2. On parle fort lorsque l'auditeur est à distance. Or Isaïe (Esaïe 6.3) dit au sujet des Séraphins : « Ils se criaient l'un à l'autre. » Il semble donc que la distance joue un rôle dans le langage des anges.

En sens contraire, on lit dans S. Luc (Luc 16.24) que le riche qui était en enfer, parlait à Abraham malgré la distance. À plus forte raison, cette distance ne peut empêcher un ange de parler à un autre ange.

Réponse

Le langage angélique consiste en une opération intellectuelle. Or l'opération intellectuelle de l'ange fait totalement abstraction du lieu et du temps ; car même l'opération de notre intelligence est indépendante du lieu et du temps, sinon par accident, du fait des images, lesquelles ne se trouvent aucunement chez les anges. C'est pourquoi la différence de temps ou la distance du lieu ne jouent aucun rôle là où il est fait entièrement abstraction du temps et du lieu. La distance ne crée donc aucun obstacle à la parole angélique.

Solutions

1. Nous l'avons dit, le langage angélique est une parole intérieure qui peut cependant être perçue par un autre. Elle existe donc dans l'ange même qui parle, et par conséquent elle est là où se trouve cet ange. Mais de même que la distance n'empêche pas un ange d'en voir un autre, de même elle ne l'empêche pas de percevoir en cet autre ce qui est destiné à lui-même, autrement dit de percevoir sa parole.

2. La clameur angélique en question n'est pas cet appel qu'on lance d'une voix forte à cause de la distance. Elle signifie la grandeur de ce qui est dit, ou l'intensité d'amour avec laquelle on le dit, selon le mot de S. Grégoire : « On crie d'autant moins qu'on désire moins. »


5. La parole d'un ange à un autre est-elle connue de tous les autres ?

Objections

1. Si tous n'entendent pas la parole d'un homme, c'est parce qu'ils se trouvent à des distances différentes. Mais dans le langage angélique, on vient de le voir, la distance n'a rien à faire. Donc, lorsqu'un ange parle à un autre, tous le perçoivent.

2. Tous les anges ont en commun la puissance intellectuelle. Si la pensée de l'un adressée à un autre est connue de lui, à titre égal elle est donc connue des autres.

3. L'illumination est une sorte de langage. Mais l'illumination d'un ange par un autre parvient à tous, car Denys écrit : « Chaque essence céleste communique aux autres la connaissance qu'elle a reçue. » Donc la parole d'un ange adressée à un autre parvient à tous.

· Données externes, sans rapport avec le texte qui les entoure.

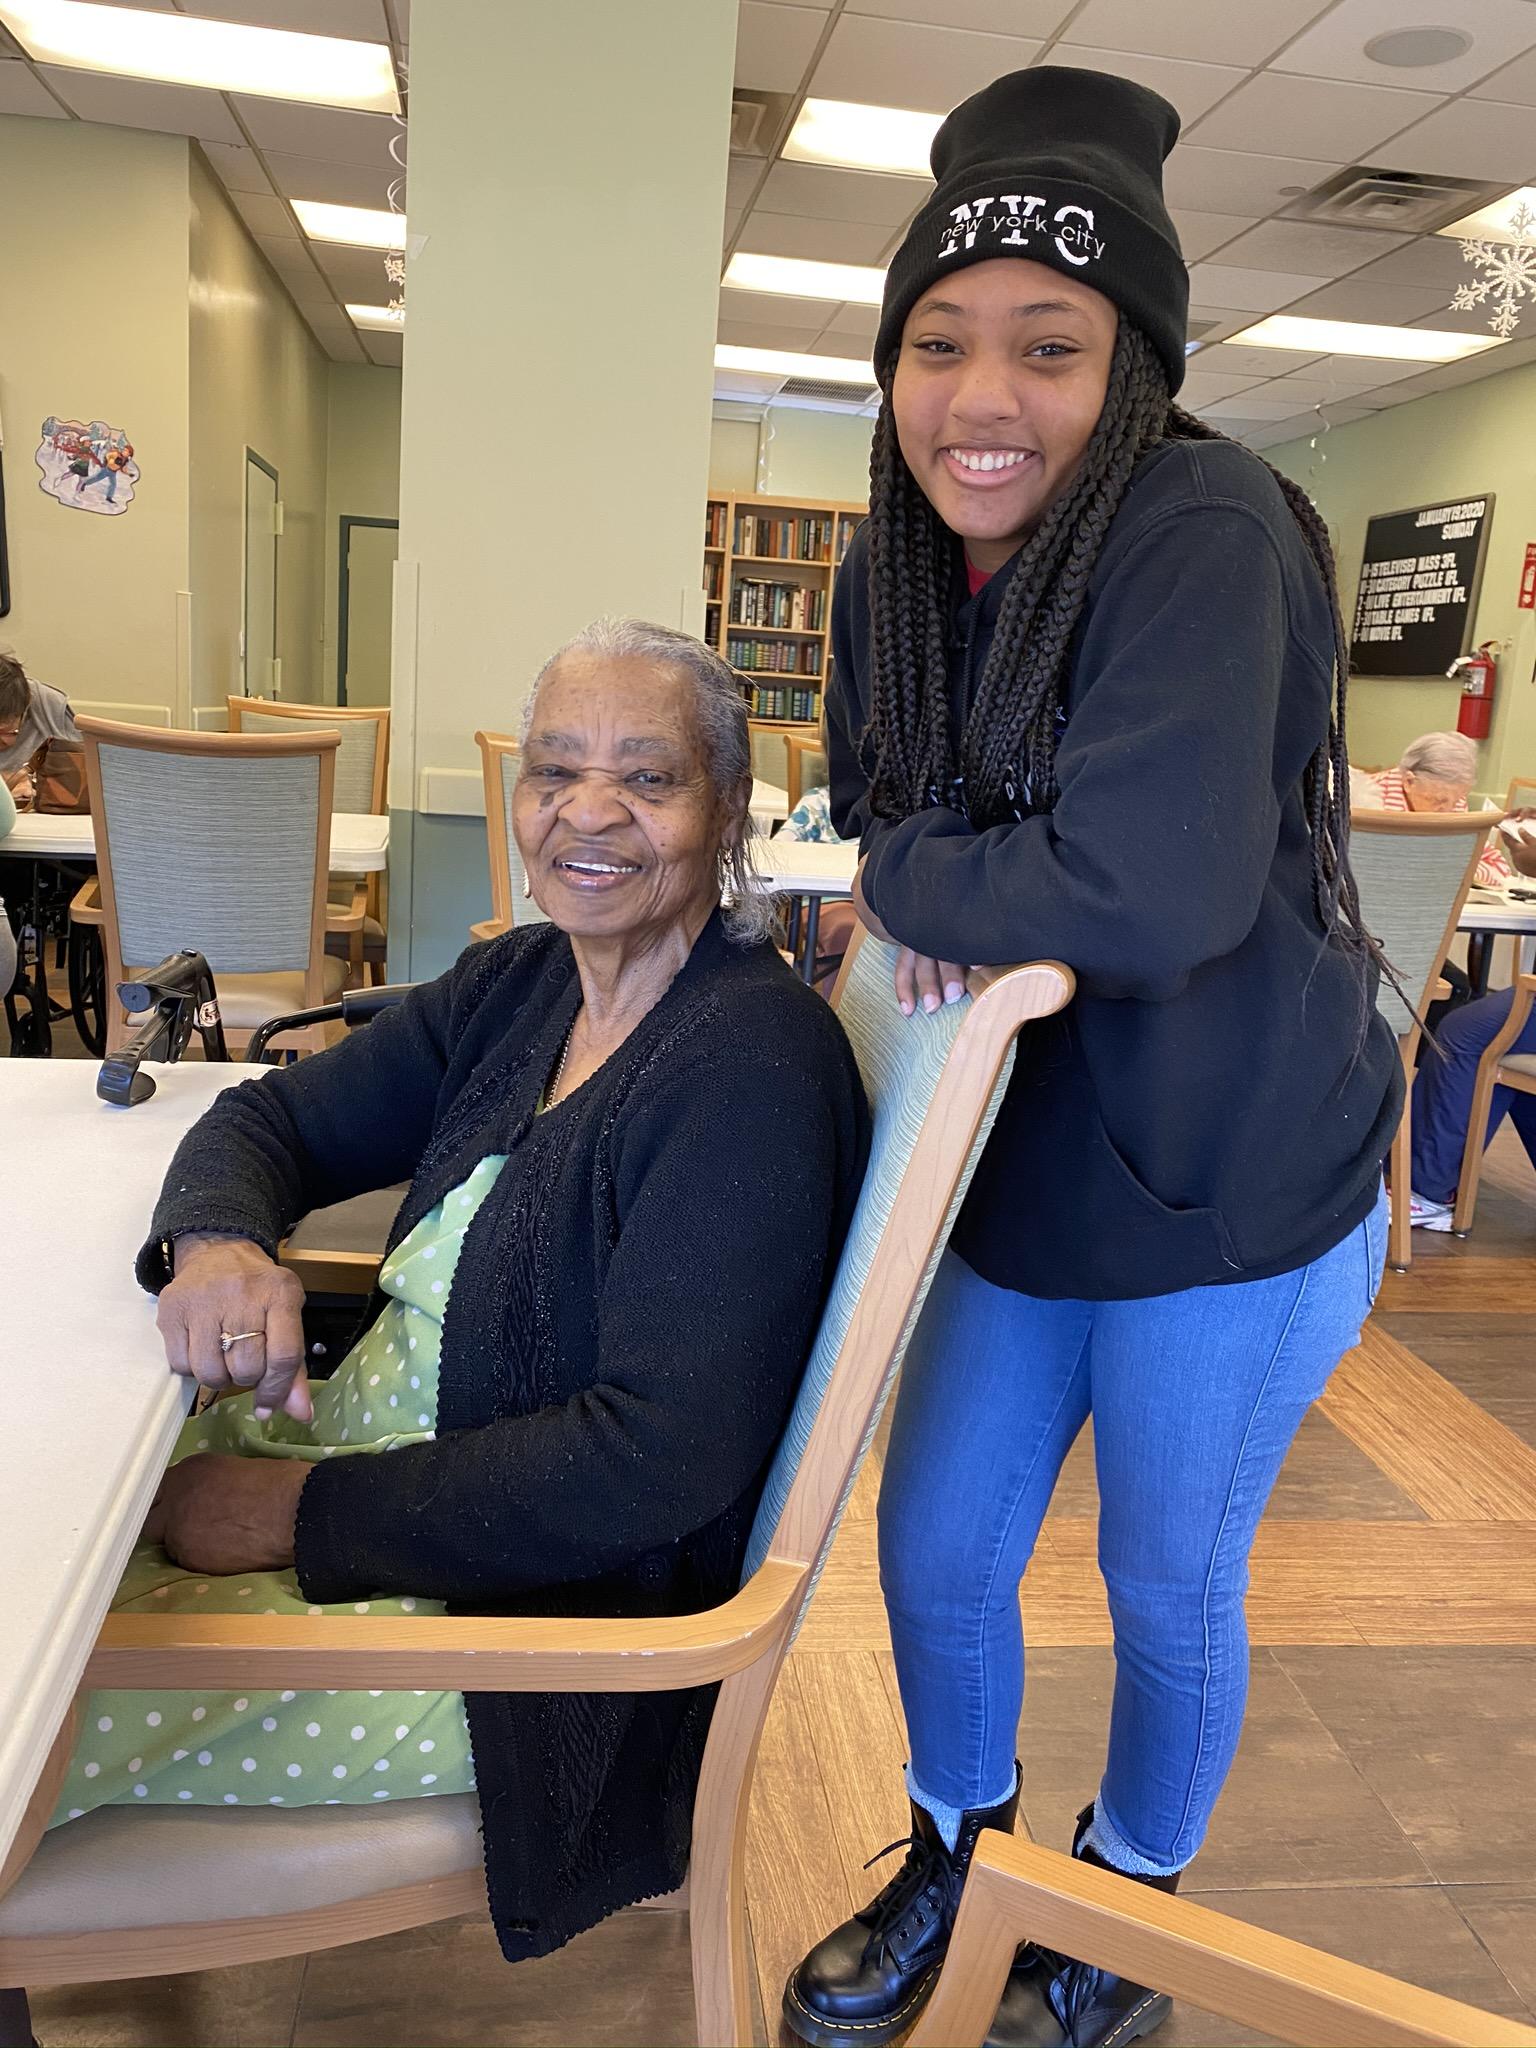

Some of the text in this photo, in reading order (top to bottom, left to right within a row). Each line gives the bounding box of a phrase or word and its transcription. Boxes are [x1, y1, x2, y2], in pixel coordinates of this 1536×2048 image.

[938, 195, 1095, 266] NYC
[940, 214, 1106, 260] new york city
[1441, 519, 1478, 540] SUNDAY
[1379, 557, 1417, 578] TELEVISED
[1417, 554, 1441, 572] MASS
[1376, 575, 1413, 593] CATEGORY
[1412, 571, 1445, 589] PUZZLE
[1374, 593, 1392, 609] LIVE
[1391, 588, 1453, 608] ENTERTAINMENT
[1371, 609, 1394, 625] TABLE
[1394, 607, 1421, 624] GAMES
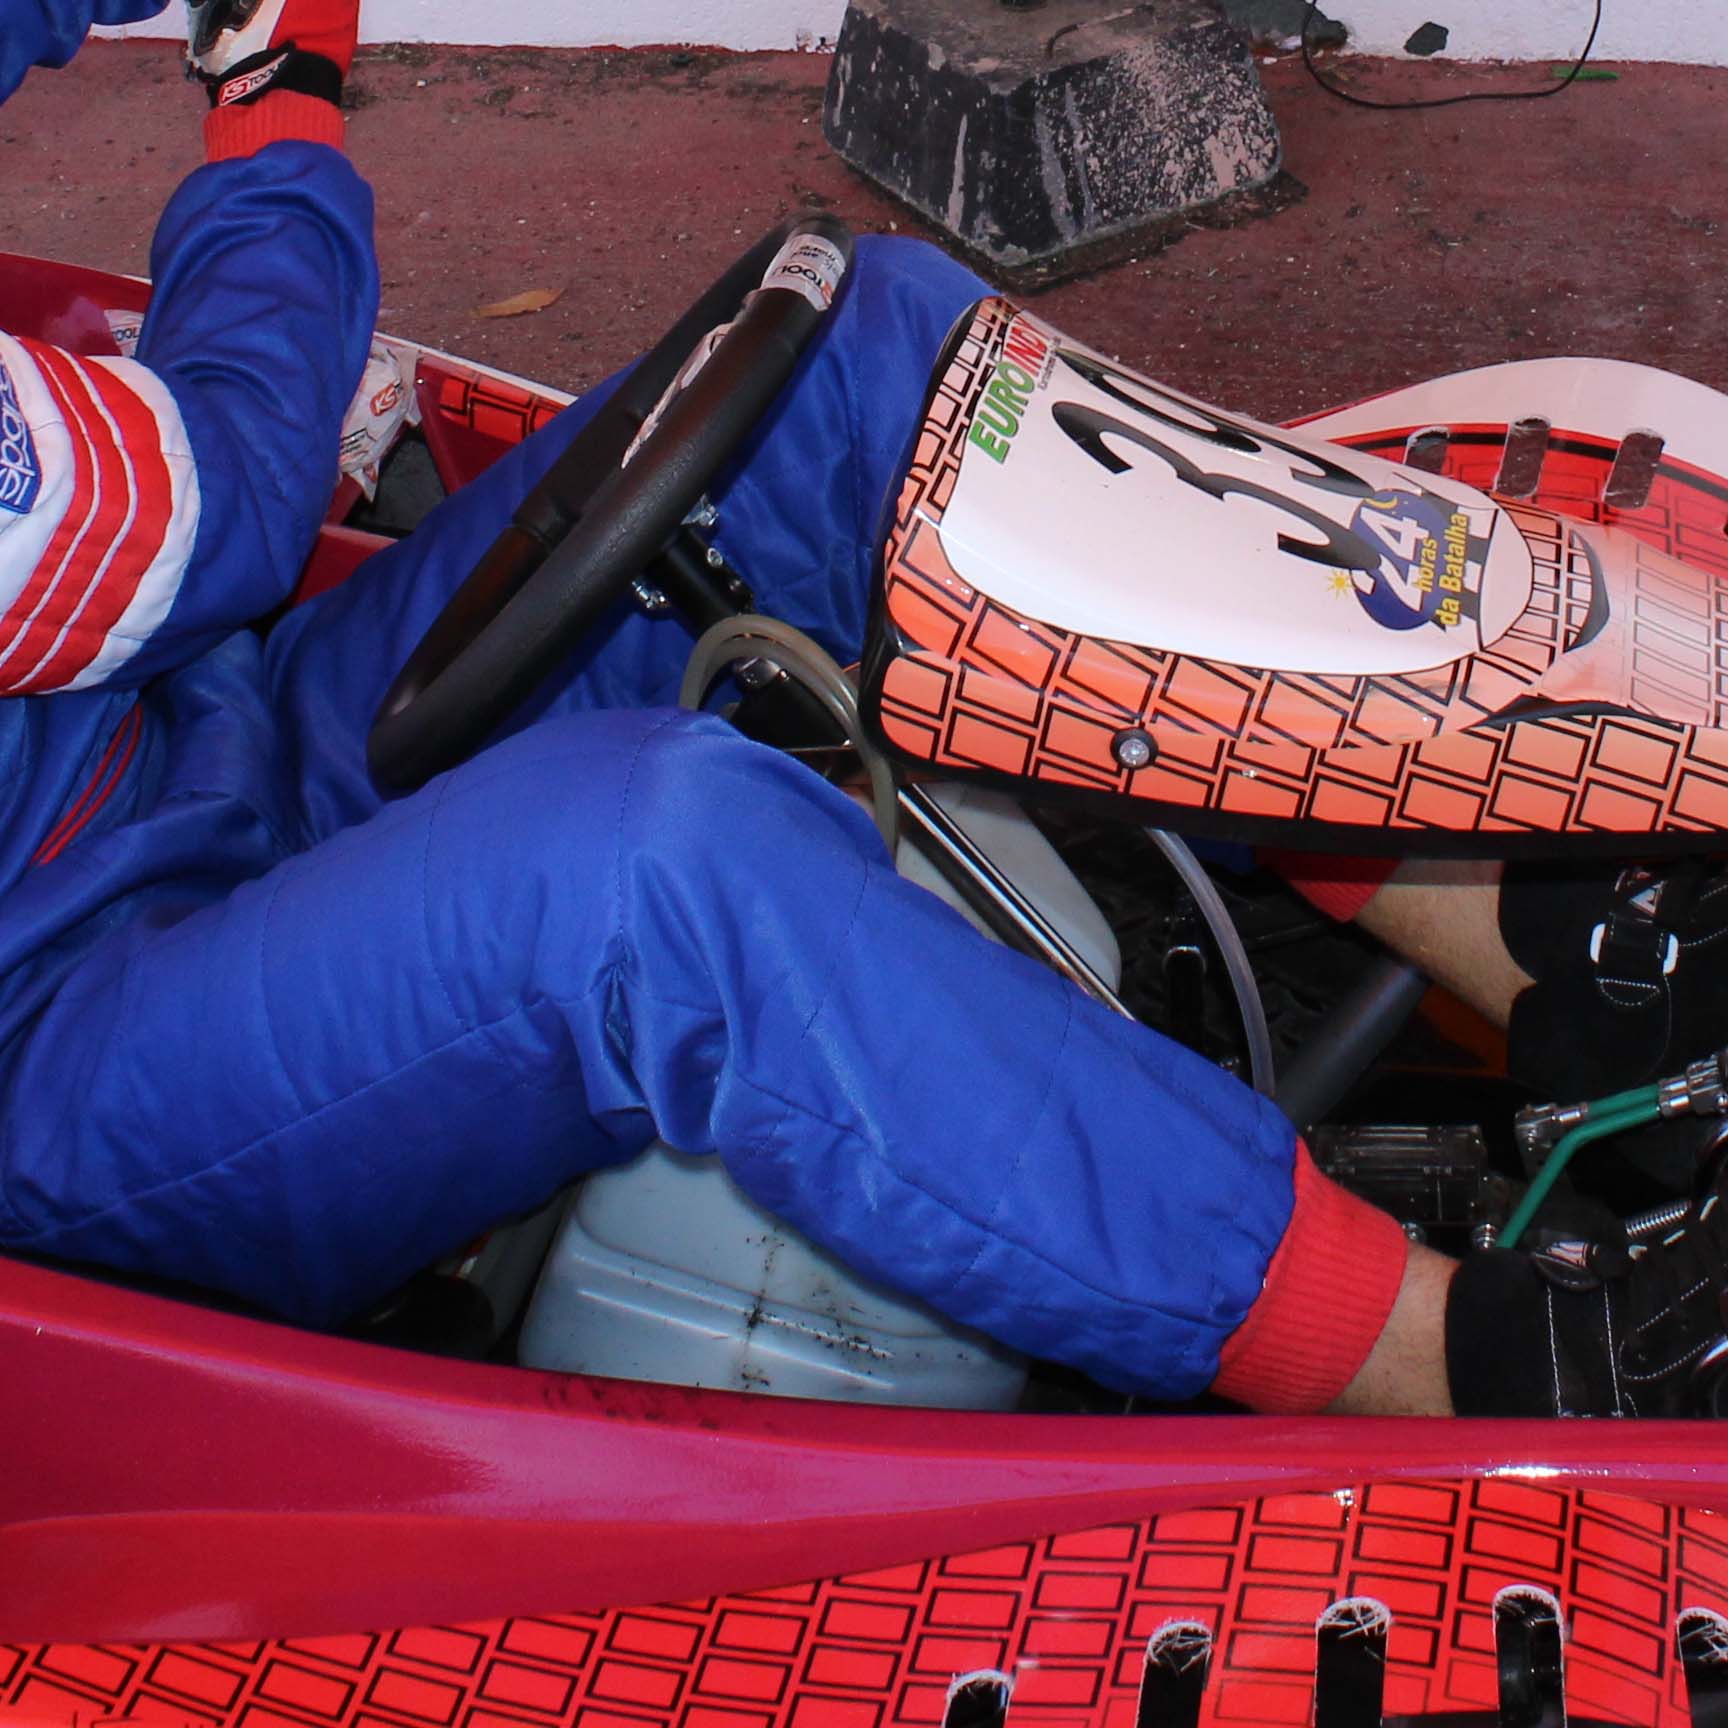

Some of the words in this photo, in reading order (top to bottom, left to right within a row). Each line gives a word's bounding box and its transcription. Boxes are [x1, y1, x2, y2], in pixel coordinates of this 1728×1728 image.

[1351, 506, 1430, 613] 24
[1413, 538, 1438, 593] horas
[1439, 513, 1469, 593] Batalha
[1436, 597, 1461, 626] da

En sens contraire, un homme peut ne parler qu'à un seul homme. À plus forte raison en est-il ainsi des anges.

Réponse

Nous l'avons déjà dit : la pensée d'un ange peut être perçue par un autre du fait que celui qui a cette pensée la dirige vers cet autre. Or l'ange peut avoir un motif pour diriger sa pensée vers celui-ci et non vers celui-là. C'est pourquoi sa pensée peut être connue par l'un et non par les autres. Ainsi le langage d'un ange peut être perçu par un seul ange, et ce n'est pas la distance qui empêche les autres de la connaître, mais la volonté ordonnatrice de celui qui parle.

Solutions

1. et 2. Ainsi se trouvent résolues la première et la deuxième objections.

3. L'illumination a pour objet tout ce qui émane de la règle première de vérité, laquelle est un principe commun pour tous les anges. C'est pourquoi les illuminations sont communes à tous. Mais le langage peut concerner tout ce qui a rapport à la volonté créée, considérée comme principe, et ce principe est propre à chaque ange ; c'est pourquoi il n'est pas nécessaire que les paroles de ce genre soient communiquées à tous.